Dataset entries
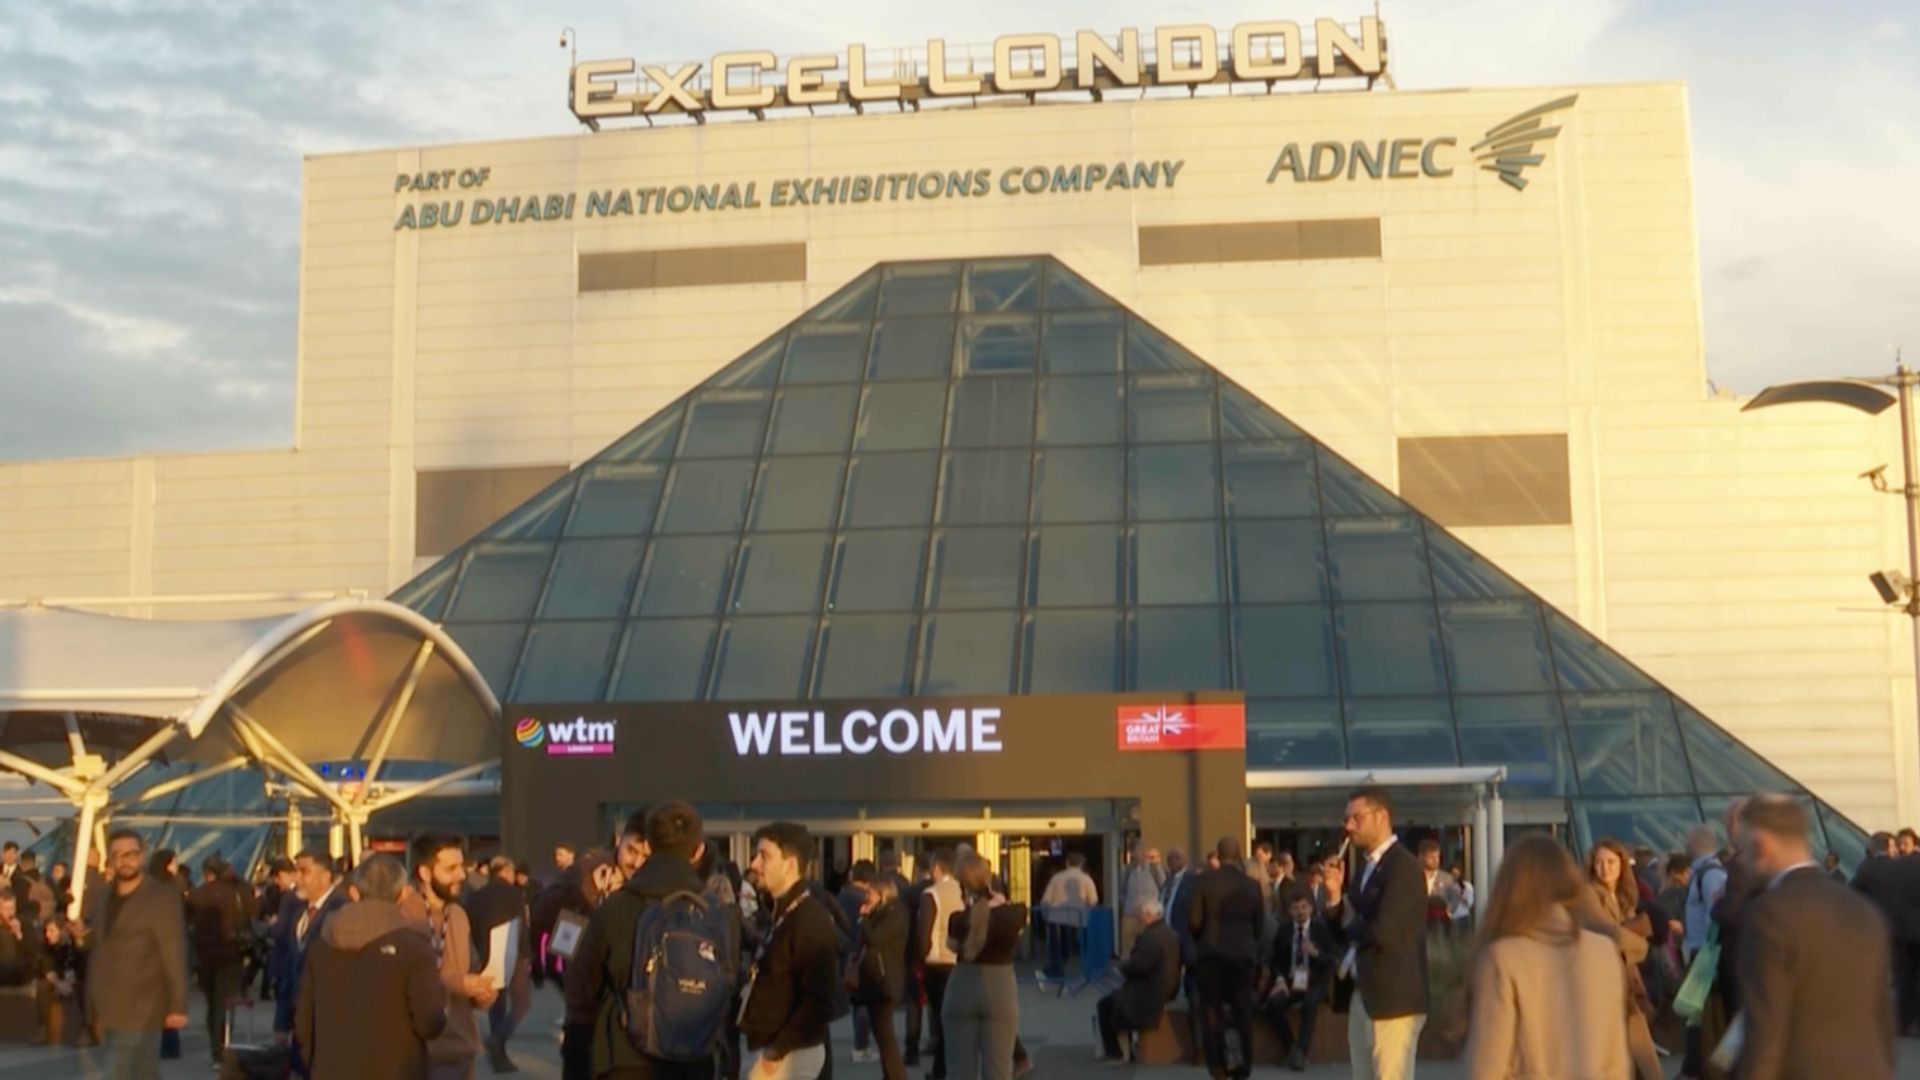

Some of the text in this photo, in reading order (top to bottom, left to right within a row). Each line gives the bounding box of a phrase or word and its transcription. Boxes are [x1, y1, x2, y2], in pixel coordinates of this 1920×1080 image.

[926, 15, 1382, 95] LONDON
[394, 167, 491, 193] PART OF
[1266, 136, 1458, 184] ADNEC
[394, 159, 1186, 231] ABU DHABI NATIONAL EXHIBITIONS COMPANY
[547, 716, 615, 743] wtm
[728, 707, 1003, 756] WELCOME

Problem details — Output all of the data exactly. Skip the pictures.

Written answer —
Some of the text in this photo, in reading order (top to bottom, left to right within a row). Each line gives the bounding box of a phrase or word and its transcription. Boxes are [x1, y1, x2, y2], in pixel coordinates of this 1920×1080 image.

[926, 15, 1382, 95] LONDON
[394, 167, 491, 193] PART OF
[1266, 136, 1458, 184] ADNEC
[394, 159, 1186, 231] ABU DHABI NATIONAL EXHIBITIONS COMPANY
[547, 716, 615, 743] wtm
[728, 707, 1003, 756] WELCOME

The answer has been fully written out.